Sample preparation for fluorescent microscopy

The NM-IF samples on the cover slip were prefixed in 4% paraformaldehyde at 4°C for 10 min, rinsed twice in TPBS (containing 0.5% Triton X-100) for 10 min, and blocked with 5% BSA at room temperature for 1 h. The samples were incubated with mouse anti-PHB antibody (1:300 dilution) at room temperature for 30 min, incubated overnight at 4°C, and then washed three times with TPBS. The cells were then incubated with goat anti-mouse secondary antibody labeled with the fluorescent dye FITC, washed in water, and air-dried. Then, 90% glycerol in PBS was applied, and the cells were observed by fluorescence microscopy. All of the steps after incubation with the secondary antibody were performed in the dark, and samples incubated with 5% BSA instead of the primary antibody were used as the negative control.

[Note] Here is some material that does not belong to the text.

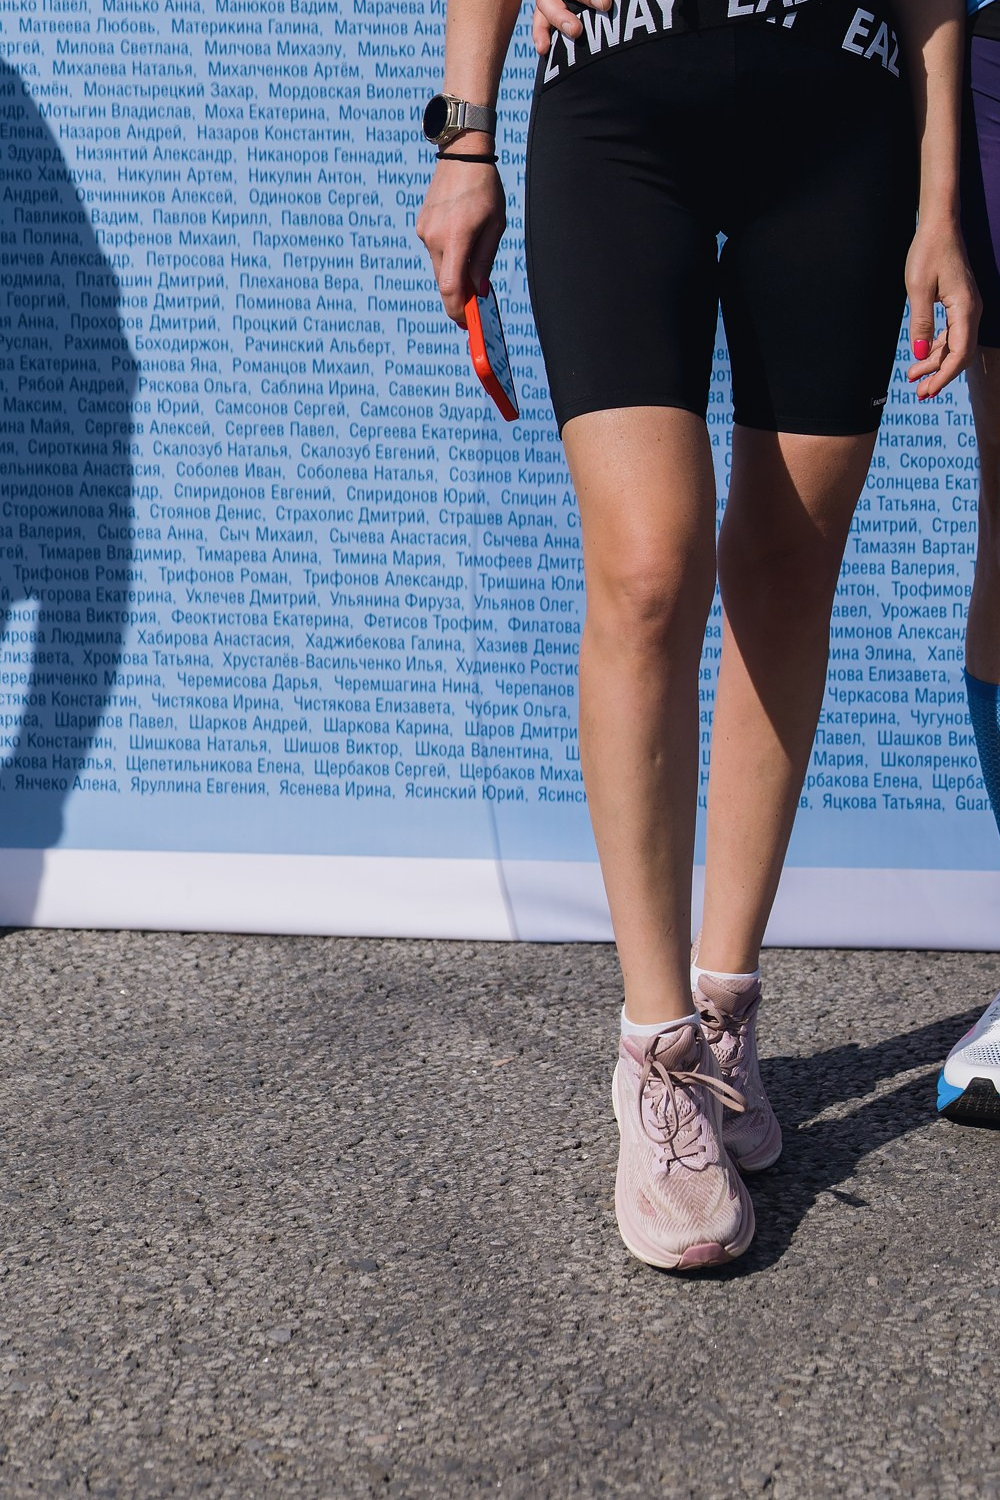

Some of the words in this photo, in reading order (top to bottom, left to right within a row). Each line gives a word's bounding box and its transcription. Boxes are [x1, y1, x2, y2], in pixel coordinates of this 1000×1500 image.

Sample preparation for LSCM

The cells on the cover slips in the curcumin and control groups were rinsed three times in PBS for 15 min and submerged in 0.1 M TBS (containing 0.5% Triton X-100) for 20 min at room temperature. The cells were fixed in 4% paraformaldehyde at pH 7.2 for 10 min, washed three times with PBS (pH 7.2) for 15 min, blocked with 5% BSA at room temperature for 1 h, and then incubated with dual primary antibodies at room temperature for 30 min and at 4°C overnight. The dual sets of primary antibodies were: PHB (1:50)/Fas (1:30), PHB (1:50)/c-Myc (1:30), PHB (1:50)/P53 (1:30), PHB (1:50)/Bax (1:30), and PHB (1:50)/Bcl-2 (1:30). After washing with TBS, the cells were incubated with different secondary antibody sets (goat anti-mouse and goat anti-rabbit, both diluted at 1:200) and incubated at room temperature for 3 h in the dark. The cells were then washed three times with PBS for 30 min, enveloped with an anti-fluorescence quencher after drying, blocked with nail polish, and observed under TSC-SP2-MP LSCM.

GST pull-down assay

The samples were inoculated with non-carrier bacterial plasmids, and the constructed prokaryotic expressive strains were induced through soluble expression. The GST protein and GST combined protein were refined using glutathione sepharose 4B following the procedure described above. RIPA lysis buffer was used to dissolve the HaCaT cells, and the cells were centrifuged at 12,000 × g and 4°C for 5 min. The centrifuged cell lysates were incubated with GST and GST-PHB combined with beads at 4°C for 1 h in a silent mixer. The cells were then washed three times using the GST washing buffer. Then, 5X SDS loading buffer was added for SDS-PAGE, and the same amount was added to the cell lysates as described previously (16). The interaction between the prey and bait protein was verified by western blot analysis.

Results

Detection of PHB in the whole cells and nuclear matrix by western blot analysis

To verify the aberrant changes in PHB, western immunoblotting was employed to confirm the expression levels of PHB in the whole cells and nuclear matrix prior to and following curcumin treatment, and the intensities of the protein bands were densitometrically quantified as described by Sheffield (14). The expression level of PHB in whole cells after exposure to curcumin for 48 h was increased, whereas the level of the PHB was significantly decreased in the nuclear matrix protein (Fig. 1). Thus, the PHB expression in whole cells and the nuclear matrix of HaCaT cells was inversely correlated.

Figure 1.

Figure 1

Expression of prohibitin (PHB) protein in HaCaT cells detected at whole cell and nuclear matrix proteins by western immunoblotting. Expression of PHB was found to be upregulated at whole cell and downregulated at nuclear matrix after curcumin (1,7-bis(4-hydroxy-3-methoxyphenyl)-1,6-heptadiene-3,5-dione) treatment.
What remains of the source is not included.